Evolution Of Tort Law In India
The evolution of tort law in India can be observed in three
phases namely
1. Ancient era
2. Medieval era
3. Modern era
I . ANCIENT INDIA
It was considered that the main and basic modes for the
peaceful progression of the lives of the people were the State
and the King. It was believed that a King can do no wrong.
There are several written materials which also talk about the
law and the legal foundation, liability and unsusceptibility of
the King, concept of the origin of the State, responsibilities of
the supreme towards its individuals and equitable remedy to
the smitten people through Ordeal system etc. The most
important among the various manuscripts are the Vedas,
Smritis, Sutras, Arthasashtra, , and the writings of overseas
travelers. They also tell us the liability of the State to
counterbalance the victims, aggrieved by the King’s officials
during ancient period. The concept of vicarious liability was
formulated during Vedic period in India. The King had to
protect the life and property of the people.
If any wrong occurred affecting the people, the King was
liable to make up them. Brihaspathi says where a servant
authorized by his master does any wrongful act for the welfare
of his master, the master shall be held liable for it. Thus the
concept is established that when the servant’s act is for the
welfare of the master in the due course of his employment, the
master is made liable.
.
II. MEDIEVAL ERA
It was analyzed that there was a very little progression of law
of torts in India when compared with the law of crimes when
the country was ruled by Islamic rulers such as Delhi
Sultanate, Mughal empire. The reason behind this is their
principle of n eye for “an eye and tooth for a tooth.”
III. MODERN ERA (during 18th and 19th Centuries)
The British empire brought Common Law and Tort law came
into India when the British Empire established three
presidency courts at the efforts of Sir Henry Mane and Sir
James Stephens. It tried to codify such laws 1886 through Sir
Frederick Pollock in the form of Civil Wrongs Bill which
was never passed.
During British rule, Courts in India were administered by the
Statutes of Parliament in the UK. The Indian enactments were
supposed to act based on justice, equity and good conscience
which are commonly known as the “General Principles of
Law” when there was no specific law to solve the particular
dispute in a suit.
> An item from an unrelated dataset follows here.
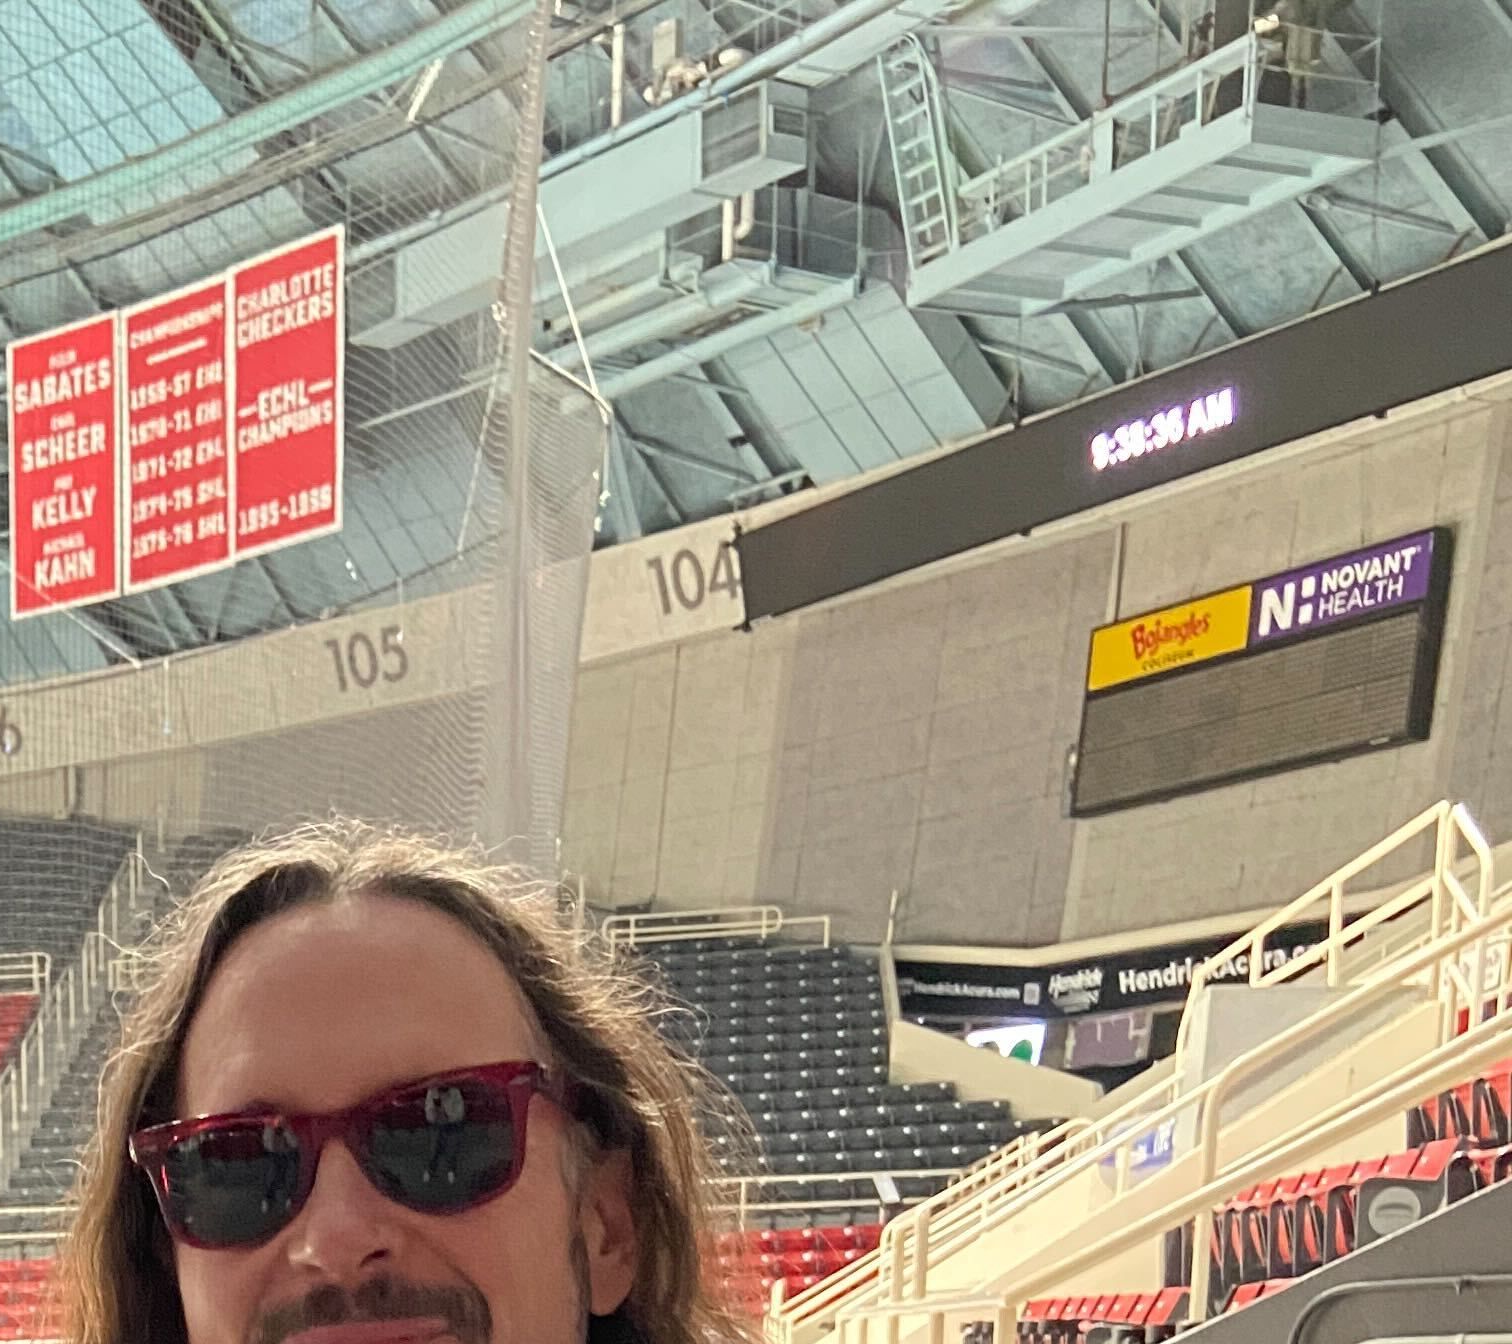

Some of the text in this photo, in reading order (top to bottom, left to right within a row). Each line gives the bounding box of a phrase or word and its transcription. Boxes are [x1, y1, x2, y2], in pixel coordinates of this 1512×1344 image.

In the cases of damages for torts, courts
preceded the English common law as it was in harmony with
the general principles of law. They did not consider it when
any of its rules were found unreasonable and unsuitable to
Indian situations.
.
Development of the Law of Torts in India
The Law of Torts is based on the principles of ‘Common
Law‘ which is primarily the English Law of Torts. The law of
tort is selectively enforced in Indian courts if it suits the
circumstances of the Indian society.
In India, the term tort has existed since the pre-independence
period. Tort did not have such an important beginning under
Hindu law and Muslim law compared to English law. Most of
the laws of tort in India is adopted from the English law of
Torts. However, the Indian courts before making any
application of the laws adopted from the English law of torts
see whether it is compatible with Indian culture and
circumstances. Using the English law in India has thus had a
distinctive application.
In India, the origin of torts is related to Charter of 1726.
Under charter 1726 the English courts were established in
three presidencies i.e. Bombay, Calcutta and Madras which
were known as ‘Mayor courts’. These courts were working
under ‘Common law’ full stop in India also the common law
was made applicable but the directions were made to quotes
that the common law is made applicable. In the application of
common law, in the application of common law, the principles
of equity, justice and good conscious were being followed.
Law of torts was being considered an inseparable part of the
common law. This was made applicable in India in this
reference but due care was taken that it applied as per the
conditions, customs and traditions of India.
To deal with the malicious behavior of the people tort existed
in Hindu and Muslim law but it can be said that tort was
formally introduced by the Crown in India. It is based on the
principles of equity, justice, and good conscience. The law of
torts is based on the principles of ‘common law’ which is
mainly the English law of torts. The application of the law of
tort is an applied selectively in Indian courts keeping in mind
if it suits the circumstances of Indian society
In Naval Kishore vs. Rameshwar Nath And Ors. ( A.I.R.
1995 Allahabad 594) it was stated that the rules of law of
torts of England should be made applicable as per the Indian
atmosphere, that is, corresponding to traditions and Customs
of it.
.
Justice Bhagwati in M.C Mehta v. Union of India observed
that: “We have to evolve new principles and lay down new
norms which will adequately deal with new problems which
arise in a highly industrialized economy. We cannot allow our
judicial thinking to be constructed by reference to the law as it
prevails in England or for the matter of that in any foreign
country. We are certainly prepared to receive light from
whatever source it comes but we have to build our own
jurisprudence.”

Reasons for the slow development of law of torts in India?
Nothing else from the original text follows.